L'histoire de Stenterello est plutôt complexe. Le personnage fut inventée à la fin du XVIIIe siècle, par Luigi Del Buono (auteur des premières pièces, excellentes bien que méconnues) et repris ensuite par d'autres acteurs dont Lorenzo Cannelli et Augusto Bargiacchi furent parmi les premiers. Ainsi, en 1821 Cannelli acquit auprès de ce même Del Buono les pièces que celui-ci avait représentées avec succès pendant toute sa carrière. Ces acteurs donnèrent vie à un second Stenterello, beaucoup plus serein mais moins vigoureux bien que plus « populaire » au sens moderne du terme. Et pour suppléer à la demande toujours plus grande du public ils écrivirent ou firent écrire d’autres pièces, dans un éloignement continu et régulier du ton initial. Bien vite on arriva à un type populaire (au mauvais sens du terme), qui confina souvent à la superficialité et aux effets faciles. Même les premières pièces de Del Buono, furent manipulées, « modernisées », allongées ou raccourcies. Ils existent encore aujourd'hui des centaines de pièces qui témoignent de ce procéder populaire, et qui vont jusqu'à la fin du XIXe siècle.
Dans les rapports qui existent entre Pinocchio et Stenterello ce ne sont pas les thèmes, les trames, les actions dramatiques qui sont intéressants, mais le style, c'est-à-dire d’une part la progression du tour de phrase, de la réplique, du discours, du monologue et d'autre part, le processus technique ou mieux la formule pour créer une situation. Eh bien l’on constate que es pièces changent après l'apparition et l'énorme succès de Pinocchio. La traditionnelle « stenterellata » est bouleversée à la fin du siècle et apparaît un monde nouveau de rapprochements imprévus, de retournement de situations, de logique "illogique" du pantin et de tout le discours collodien. Naissent des rapprochements d'abord impensables, pour mieux dépeindre Stenterello, la technique de l'absurde primaire, bébête, simplificateur, avec sa cohérence stricte mais toujours appropriée, très efficace surtout en ce qui concerne le résultat comique. Le discours et le mode d'agir de Stenterello deviennent imprévisibles, comme déjà celui de Pinocchio. Les comédies de Stenterello n’étaient pas des chefs-d’oeuvre. On ne s’y intéresse pas dans ce cadre pour leur valeur, mais ces documents ne contredisent pas l’idée que Pinocchio a beaucoup influencé, dans les décennies suivantes, le théâtre de Stenterello et l’on peut même dire le théâtre vernaculaire florentin jusqu’à finalement, Wanda Pasquini, une des interprètes les plus authentiques et aimées de ce théâtre, la mythique « Mère Alvara » ("Sora Alvara") du « Grillon Chanteur » ("Il Grillo Canterino") qui, de l'après-guerre jusqu’à nos jours, a représenté avec tant d'autres acteurs et interprètes influents, Florence et la Toscane.

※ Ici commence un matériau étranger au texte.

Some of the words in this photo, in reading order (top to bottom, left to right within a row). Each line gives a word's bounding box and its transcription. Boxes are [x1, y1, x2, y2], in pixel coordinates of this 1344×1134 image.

Les monologues de Pinocchio ne trouvent pas d’équivallent, à l’inverse de ce qui a pu été dit par certains, dans les monologues de Stenterello. Ces derniers sont une autre chose : ce sont des jeux de mots comiques très intellectualités qui ne décrivent aucune action, avec des racines dans le théâtre encore embourgeoisé du XVIIIe. Pour tous, les Stenterello perdurèrent de la sorte en ne changeant ni leur but ni leur style. Les monologues de Pinocchio sont par contre calqués sur les discours ou mieux sur les lettres que pourrait très bien rédiger une simple personne qui se mettrait à écrire en racontant à d’autres ses propres histoires.

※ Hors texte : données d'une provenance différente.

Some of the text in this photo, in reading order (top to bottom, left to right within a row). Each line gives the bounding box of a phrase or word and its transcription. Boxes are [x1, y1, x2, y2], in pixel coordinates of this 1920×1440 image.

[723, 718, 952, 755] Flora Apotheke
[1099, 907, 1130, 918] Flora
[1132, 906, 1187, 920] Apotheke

Voici à titre d’exemple un monologue de Stenterello : « Je suis sain, jusqu'à point, que d'un coup de poing dans le groin, ce n'est pas un rêve, je tue un fou, ou d'un coup, je l’éclabousse, dans un puits au milieu d’une flaque, et par la pie si je le tord, je te l'étrangle comme une autruche. » Plus évocateur évidemment en italien : « Sono sano, sino a segno, ché di un pugno dentro al grugno, non è sogno, ammazzo un pazzo, o di un cozzo, io lo schizzo, dentro un pozzo in mezzo al guazzo, e pel gazza se lo strizzo, te lo strozzo come un struzzo.”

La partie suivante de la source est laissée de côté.